The Traveller's Dodecahedron follows the same principle, but instead of a game board there is an irregular dodecahedron that can be mounted and held on a stick. The path is not marked with game pieces, but with a cord that is wrapped around pins that are attached to the twenty corners. In addition, the names of cities are assigned to the corners in the instructions, with their first letters again being the twenty consonants. These changes made the original abstract game into a much more accessible version.

Individual evidence

^ David Darling: Icosian Game. Retrieved April 9, 2019 .
^ Mathematical games. Retrieved April 9, 2019 .
↑ James Dalgety: Sir William Hamilton's Icosian Game and Traveller's Dodecahedron Puzzle. Retrieved April 9, 2019 .
↑ AS Herschel: Sir Wm. Hamilton's Icosian Game . In: The quarterly journal of pure and applied mathematics . Parker, 1862, p. 305 (English, uni-goettingen.de ).
^ Peter Guthrie Tait: Listing's Topology . In: The London, Edinburgh, and Dublin Philosophical Magazine and Journal of Science . tape 17 , no. 103 , January 1884, ISSN 1941-5982 , pp. 30-46 , here p. 42 , doi : 10.1080 / 14786448408627475 .
^ Édouard Lucas: Récréations mathématiques . tape 2 . Gauthier-Villars, Paris 1892, p. 199-227 ( archive.org ).
^ Wilhelm Ahrens: Mathematical conversations and games . BG Teubner, Leipzig 1901, p. 327-339 ( bnf.fr ).
^ WW Rouse Ball: Mathematical Recreations and Essays . 1926, p. 189-192 ( archive.org ).
^ Martin Gardner: About the remarkable similarity between the Icosian Game and the Tower of Hanoi . In: Scientific American . May 1957.
^ Rules of the game, reprinted in: Norman Biggs, E. Keith Lloyd, Robin J. Wilson: Graph Theory, 1736–1936 . Clarendon Press, 1986, ISBN 978-0-19-853916-2 , pp. 32–33 ( limited preview in Google Book search).

Web links

Eric W. Weisstein : Icosian Game . In: MathWorld (English).
Sir William Hamilton's Icosian Game and Traveller's Dodecahedron Puzzle in the Puzzle Museum

[1] David Darling: Icosian Game. Retrieved April 9, 2019 .

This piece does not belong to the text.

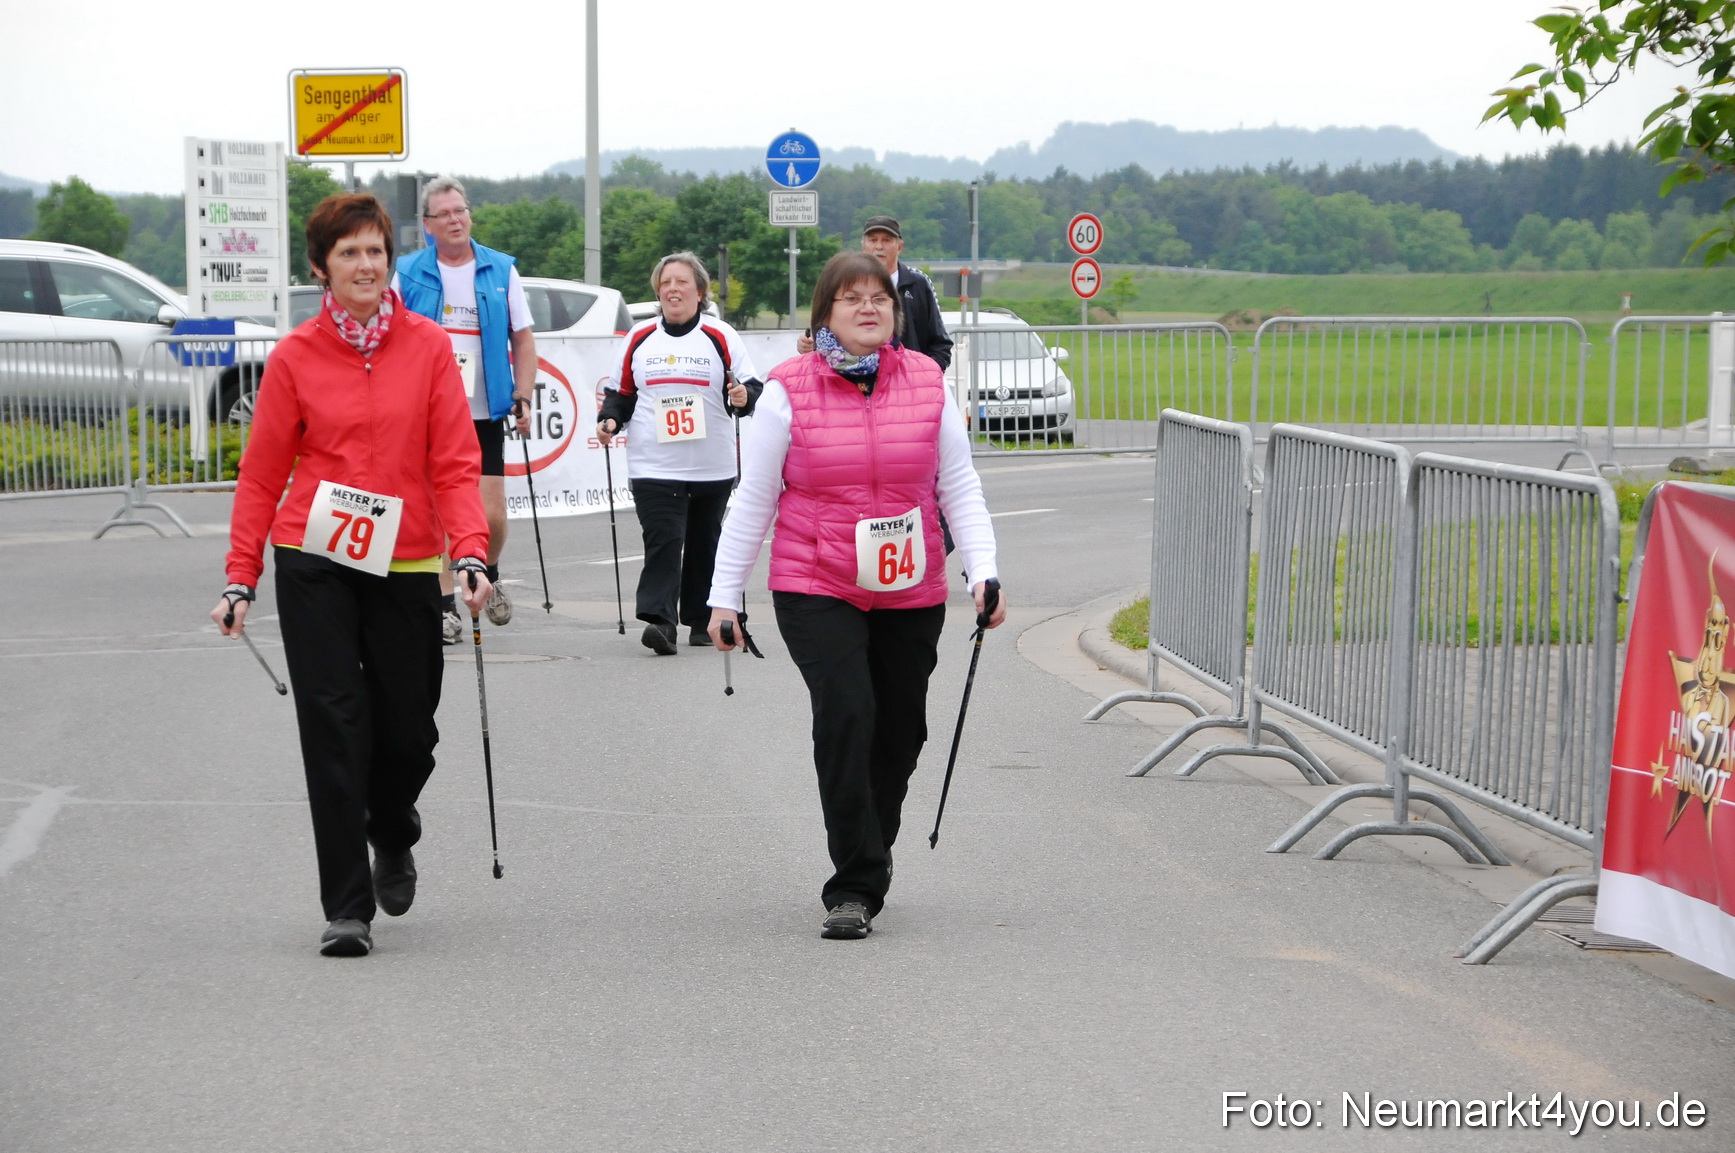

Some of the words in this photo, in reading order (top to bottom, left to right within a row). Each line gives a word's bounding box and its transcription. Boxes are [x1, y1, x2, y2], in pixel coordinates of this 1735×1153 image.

[2] Mathematical games. Retrieved April 9, 2019 .

[3] James Dalgety: Sir William Hamilton's Icosian Game and Traveller's Dodecahedron Puzzle. Retrieved April 9, 2019 .

[4] AS Herschel: Sir Wm. Hamilton's Icosian Game . In: The quarterly journal of pure and applied mathematics . Parker, 1862, p. 305 (English, uni-goettingen.de ).

[5] Peter Guthrie Tait: Listing's Topology . In: The London, Edinburgh, and Dublin Philosophical Magazine and Journal of Science . tape 17 , no. 103 , January 1884, ISSN 1941-5982 , pp. 30-46 , here p. 42 , doi : 10.1080 / 14786448408627475 .

[6] Édouard Lucas: Récréations mathématiques . tape 2 . Gauthier-Villars, Paris 1892, p. 199-227 ( archive.org ).

[7] Wilhelm Ahrens: Mathematical conversations and games . BG Teubner, Leipzig 1901, p. 327-339 ( bnf.fr ).

[8] WW Rouse Ball: Mathematical Recreations and Essays . 1926, p. 189-192 ( archive.org ).

[9] Martin Gardner: About the remarkable similarity between the Icosian Game and the Tower of Hanoi . In: Scientific American . May 1957.

[10] Rules of the game, reprinted in: Norman Biggs, E. Keith Lloyd, Robin J. Wilson: Graph Theory, 1736–1936 . Clarendon Press, 1986, ISBN 978-0-19-853916-2 , pp. 32–33 ( limited preview in Google Book search).